Maybe you're just a really sensitive or empathic person. Maybe something about this character is triggering something from your past. I think this stuff is kinda cool, but I'm training to become a psychotherapist so of course I would. I don't think writing has made me cry before but I look forward to it!
I cry pretty much every time I kill a character. But I also cry at long-distance commercials. I'm a cry-er.
No Twilight references here, my manuscript was well underway long before I encountered that pop culture train wreck.
This has happened to me. Not full blown crying, but tears welling in my eyes, an overwhelming feeling of melancholy. It's a good thing as far as I'm concerned, it shows emotional investment in your story/characters.
Lol. I never saw Twilight but I asked my friend what she liked about the characters. 5 minutes of silence later she stormed off and called me an asshole. lol. Worth it.

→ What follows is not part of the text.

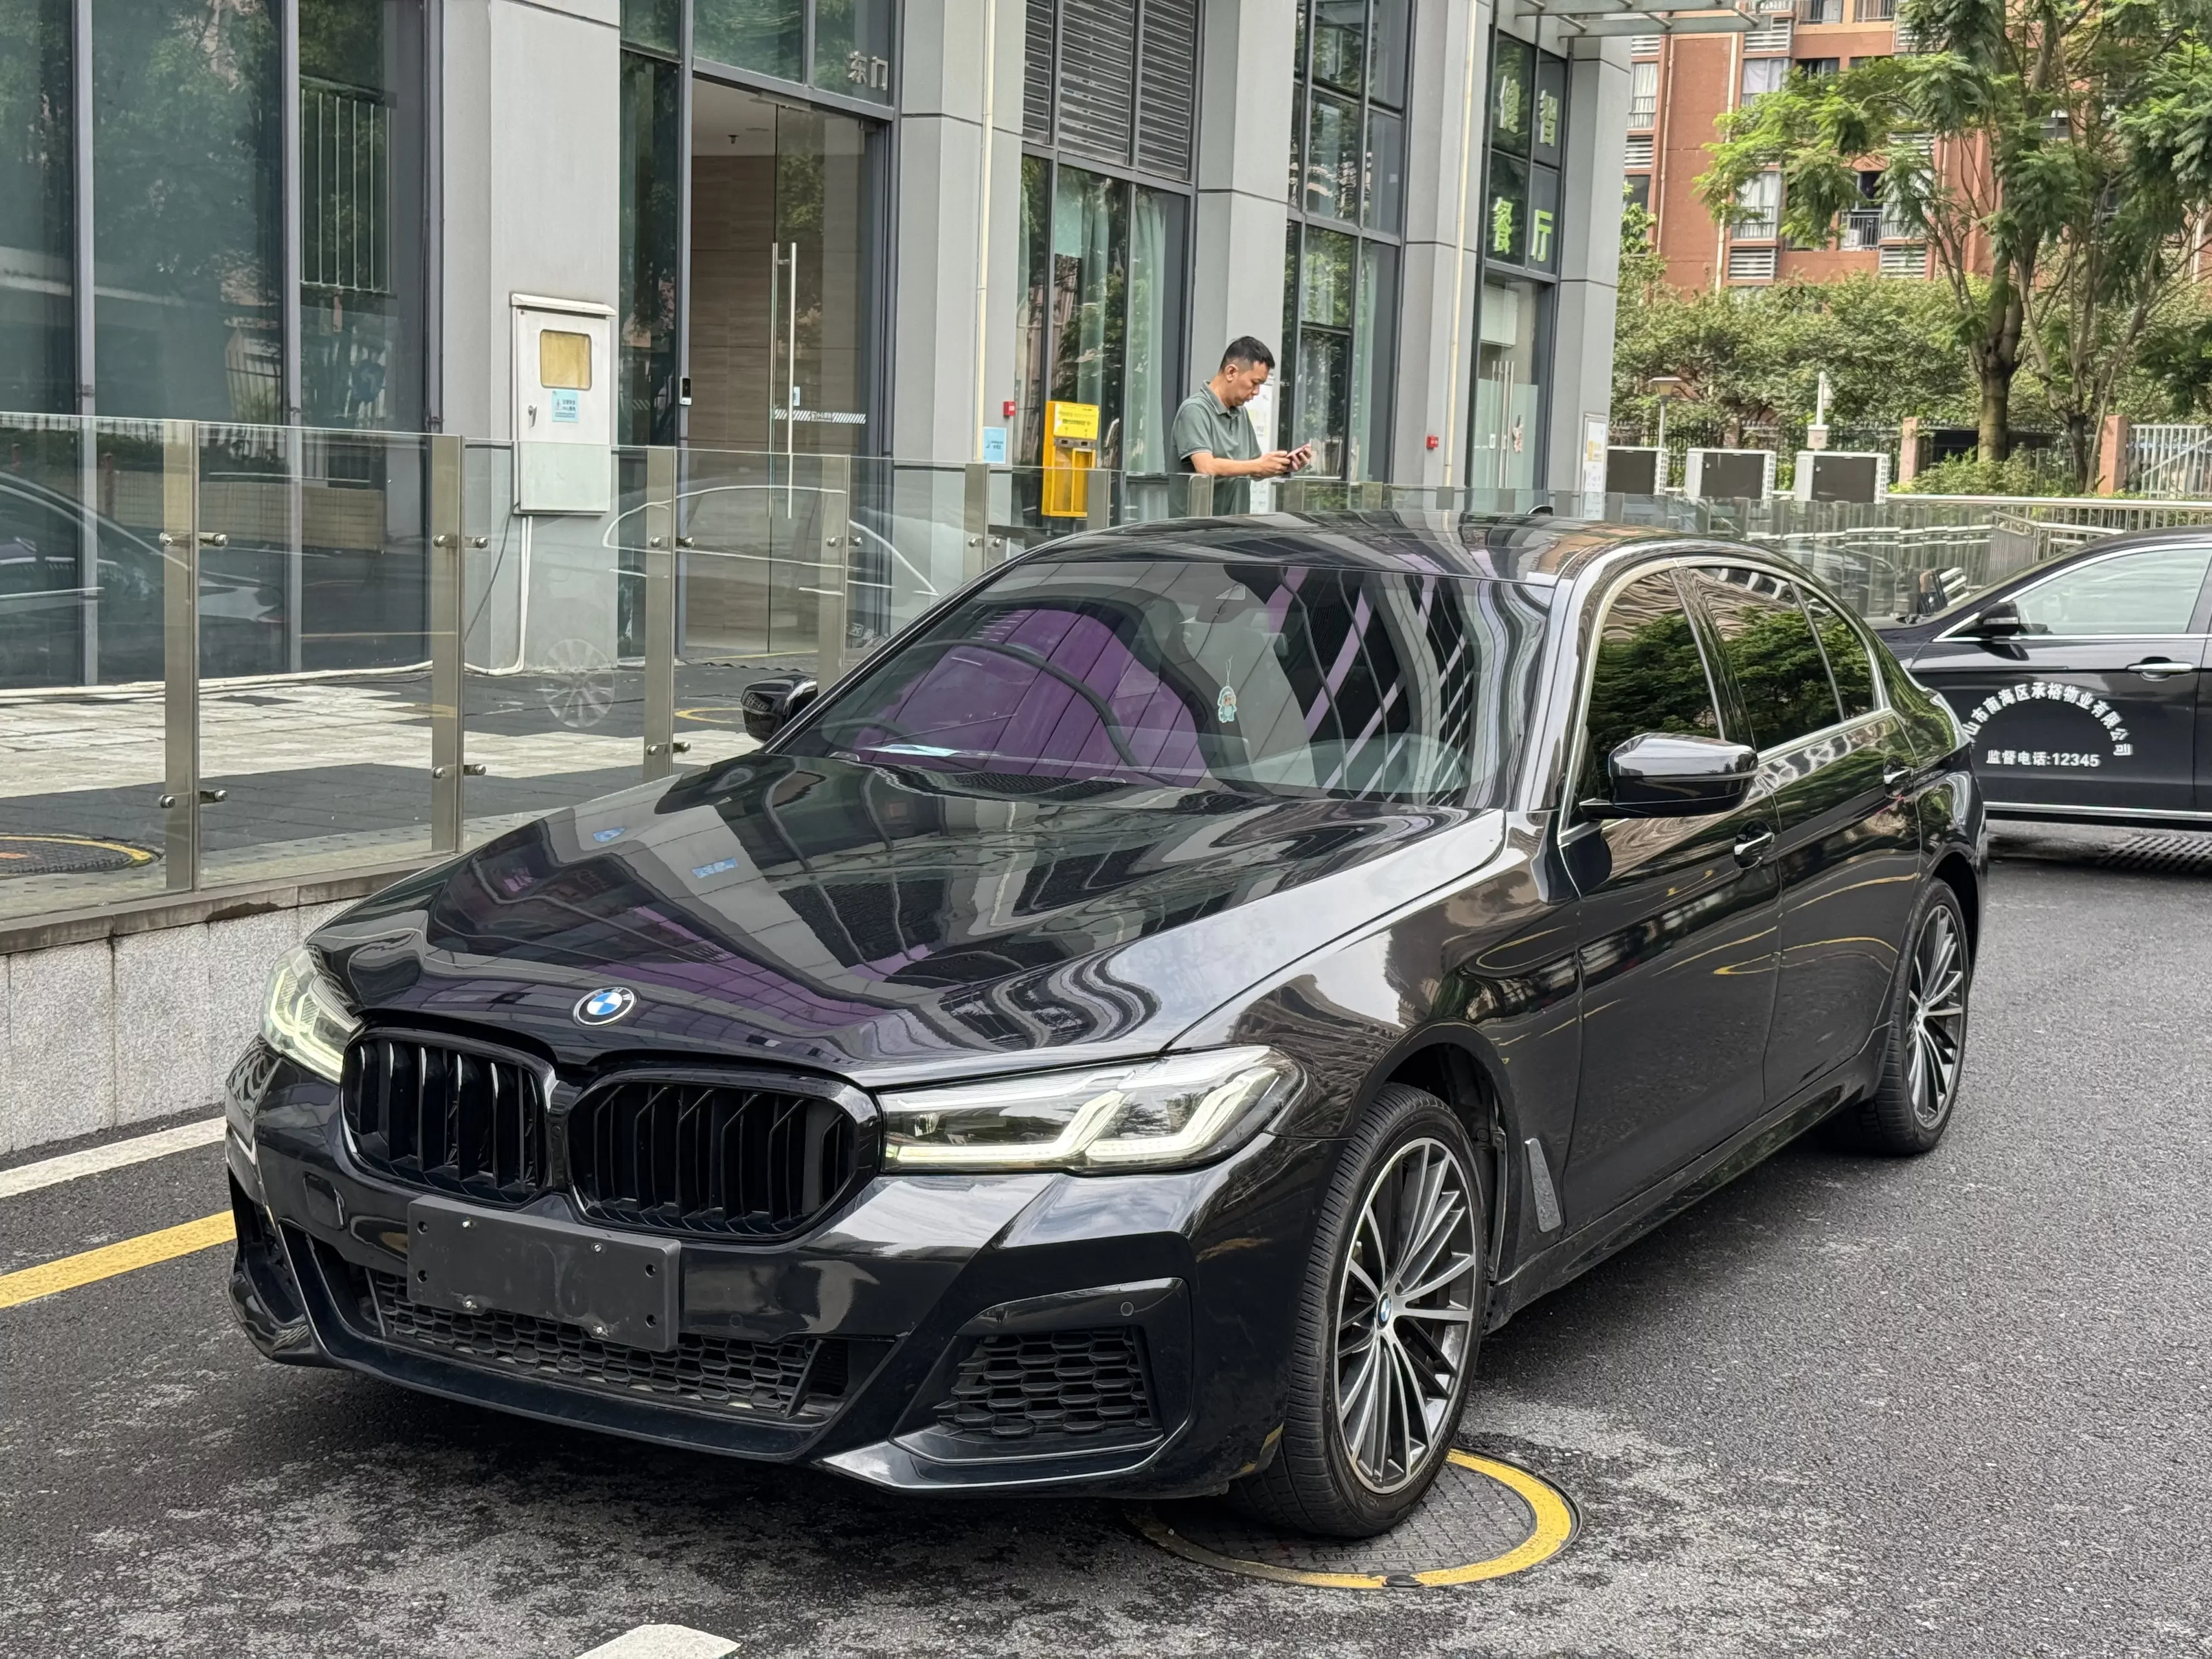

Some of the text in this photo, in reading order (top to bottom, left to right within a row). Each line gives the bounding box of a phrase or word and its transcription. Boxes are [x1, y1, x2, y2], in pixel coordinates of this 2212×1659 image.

I've never cried because of something I wrote. Apparently a love connection in my novel made my mom cry, though. And I'm not gunna lie... In the second Twilight book, there's a part after Edward leaves Bella that's just blank pages with the passing months typed in the middle... Flipping through them.. October.... November... December... January.. Or whatever the months actually were... I cried. lol Silly, right?
A simple 'four months had passed since Edward left...' didn't suffice, huh? I've felt moderately sad for my characters, but not full blown crying.
I've had moments where I've been stricken by the gravity of what my characters go through. I've never cried, though.
That reminds me. A week ago one character was having a panic attack. I caught myself breathing quicker while writing that. Maybe I am just weird. lol
If you're weird, we're both weird. I often mumble dialogue to myself when writing it; I've also been known to half act out fight scenes.
I think we authors are all kind of weird in our own ways. I mean, we're the ones who create entire worlds out of thin air so a bit of weirdness is perfectly all right.
If you actually move YOURSELF while writing, that can't be bad. However, it doesn't guarantee good writing either. You are seeing and feeling your characters beautifully, but you still have to make your readers see and feel what is moving you. That ...well you won't know if you've succeeded until you get feedback. I made myself cry in only one place in my MS ...and it's a place that probably won't strike others the way it struck me, because they don't know where it came from in my life. However, I've had other people point out places that made them cry, so I guess there's some emotional involvement in what I wrote. However, it's interesting that no two people have got back to me saying they've cried in the same place as somebody else! It's all down to what happened in their life that connected with what I wrote. You can't control that, can you?
Moving yourself while writing means barely anything to the end result. Just because you feel the emotion of a moment doesn't mean you are conveying that to the reader. You've internalised it and given it extra meaning, but the reader approaches it differently, and can be missing a lot of what made it emotional for you. I've never cried or become emotional writing scenes, but sometimes when reading it back.
Depends what you're writing about. If it's about a character dying, drawing their final breath in the last throes of cancer; and if you've experienced this in life and use that to draw on creatively, as I have, then you'll perhaps forgive me for being moved to tears as I went through that process.
Wait... so we create worlds out of thin air? Well now that makes authors sounds more like Gods than weirdoes.